■ **Activity**
Verbatim transcription with images omitted: return the entries below in full.

*****

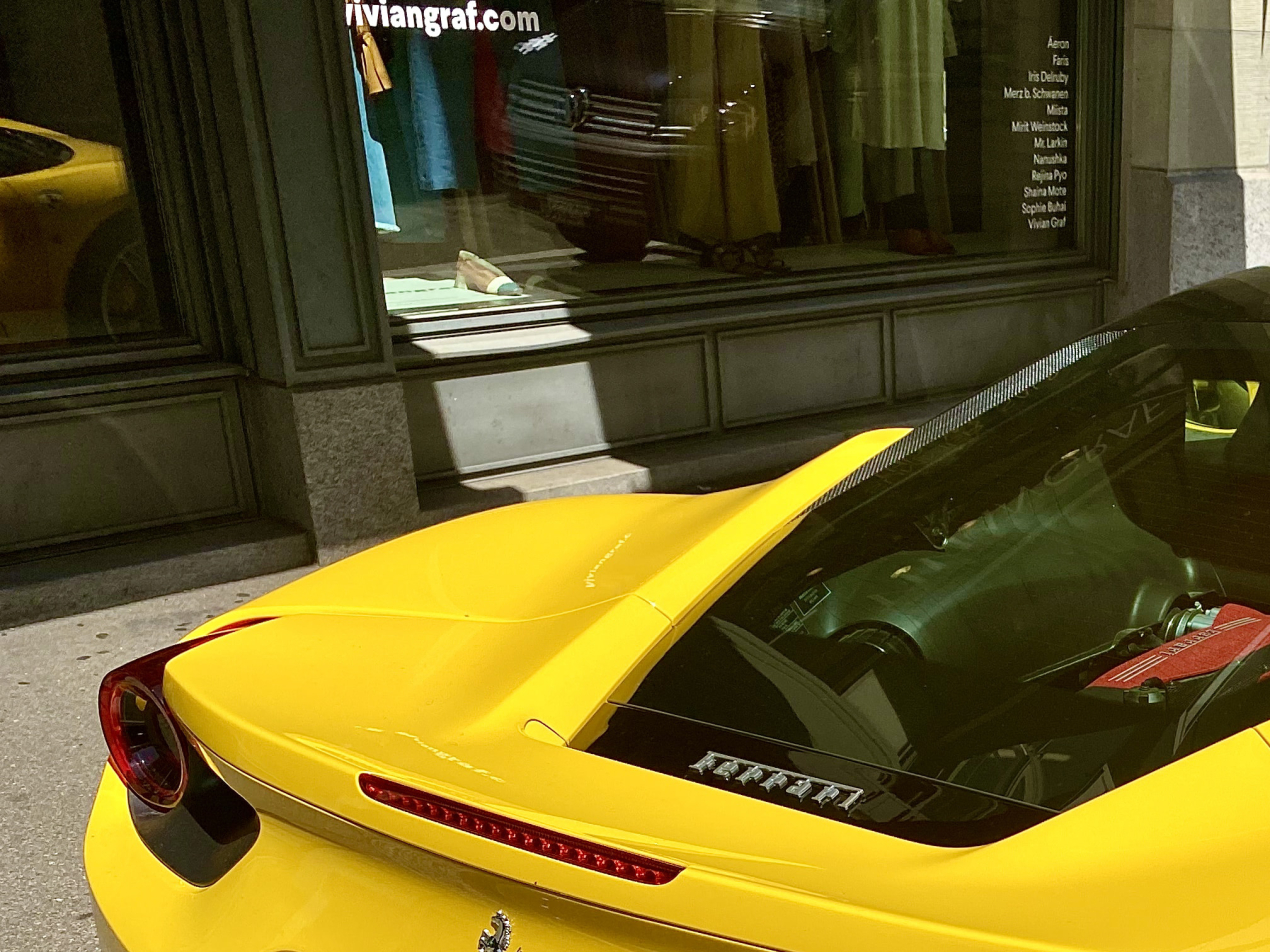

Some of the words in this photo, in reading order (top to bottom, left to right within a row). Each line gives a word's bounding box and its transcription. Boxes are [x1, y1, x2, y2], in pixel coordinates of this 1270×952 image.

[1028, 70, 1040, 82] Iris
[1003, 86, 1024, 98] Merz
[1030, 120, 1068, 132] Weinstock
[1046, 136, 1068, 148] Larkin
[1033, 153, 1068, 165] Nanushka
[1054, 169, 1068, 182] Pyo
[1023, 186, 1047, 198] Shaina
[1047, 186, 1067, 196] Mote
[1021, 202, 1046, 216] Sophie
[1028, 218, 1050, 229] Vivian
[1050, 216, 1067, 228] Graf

*****

■ **Output of the exercise**
Some of the words in this photo, in reading order (top to bottom, left to right within a row). Each line gives a word's bounding box and its transcription. Boxes are [x1, y1, x2, y2], in pixel coordinates of this 1270×952 image.

[1028, 70, 1040, 82] Iris
[1003, 86, 1024, 98] Merz
[1030, 120, 1068, 132] Weinstock
[1046, 136, 1068, 148] Larkin
[1033, 153, 1068, 165] Nanushka
[1054, 169, 1068, 182] Pyo
[1023, 186, 1047, 198] Shaina
[1047, 186, 1067, 196] Mote
[1021, 202, 1046, 216] Sophie
[1028, 218, 1050, 229] Vivian
[1050, 216, 1067, 228] Graf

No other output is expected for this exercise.